Se questa è “medicina” …

Porta_a_portaCosimo Loré. L’altra sera la puntata tv di Porta a Porta in tema di “malasanità” ha mostrato non tanto un disastro sanitario quanto l’inesistenza di pochi saldi punti di riferimento nella mente dei convenuti ognuno impegnato a “far bella figura” ma tutti, esponenti delle vittime e personaggi in poltrona, espressione di educazione civica carente surrogata da presunzioni posticce (su fatalità e colposità) e rituali retoriche (auspici e propositi) che lasciano fondatamente presagire peggior futuro.
Le punte di massima ignobiltà si sono raggiunte con il cardiochirurgo infantile palermitano che teorizzava una terrificante nozione di consenso informato che nel preannuncio stampigliato di possibili imperizie e qualsivoglia nefandezze scagionava operatori (nessun reato se anticipato al paziente … ops … al congiunto!) in rapporto con “parenti” secondo il peggior familismo islamico.
Suscitano ripugnanza non solo per i fatti ma soprattutto per gli approcci in tv i casi dell’infartuato (vitali i primi 20 minuti!) moribondo sul marciapiede antistante un “moderno” ospedale torinese e del “barbone” estromesso dal nosocomio ostiense, che dopo averlo messo 17 ore all’addiaccio ritira il cadavere e − come è di moda − gli intitola un servizio … in stile da … “bastardidentro”.

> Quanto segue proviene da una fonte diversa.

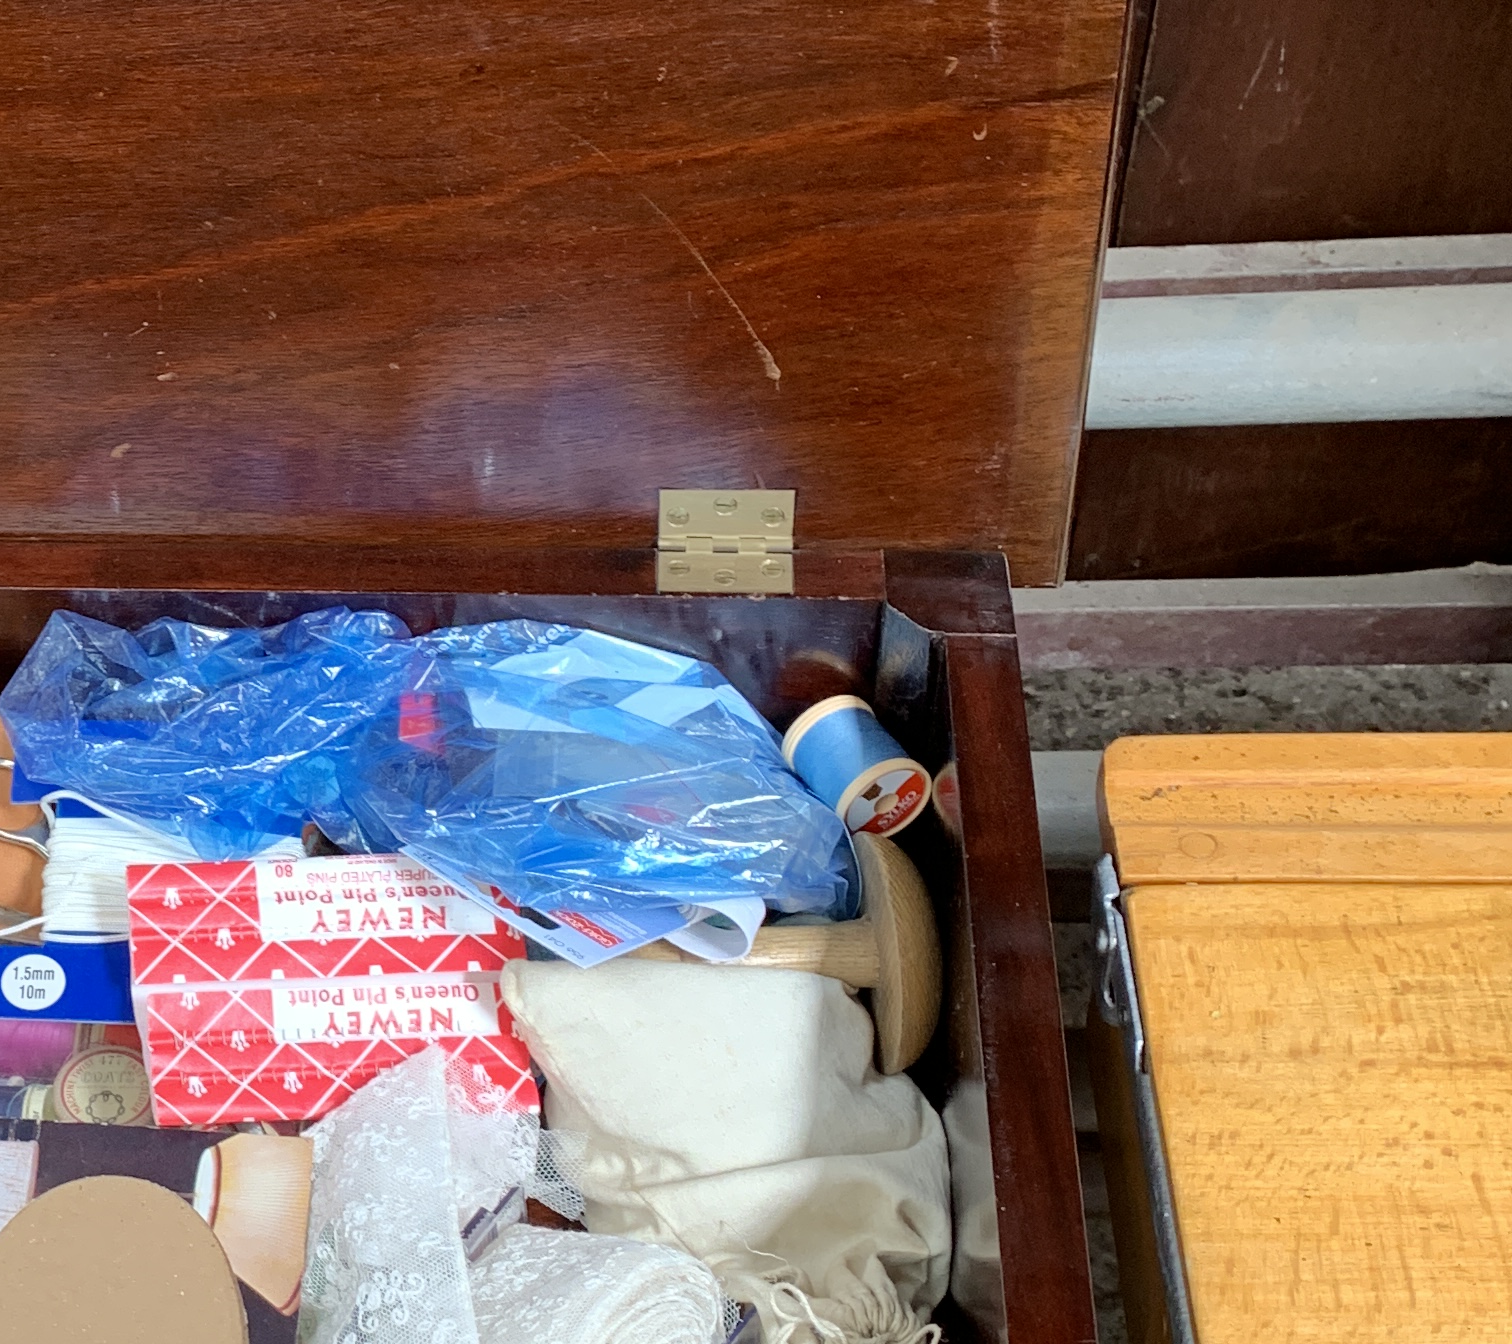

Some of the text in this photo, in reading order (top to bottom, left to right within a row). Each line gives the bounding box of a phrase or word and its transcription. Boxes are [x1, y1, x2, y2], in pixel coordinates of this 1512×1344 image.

Impressionante l’assoluta ignoranza di fattispecie penalmente rilevanti quali lo stato di necessità che consentendo l’omicidio per legittima difesa potrebbe giustificare un medico che esce dal pronto soccorso per … soccorrere prontamente il malcapitato o l’omissione di soccorso che scaturisce dall’obbligo sociale inderogabile per ogni persona civile di accorrere e soccorrere con tutte le aggravanti in caso di cittadino che indossa camici e professa d’esser “deontologico”.
A troppi fa comodo questa sanità cieca senza timone né bussola.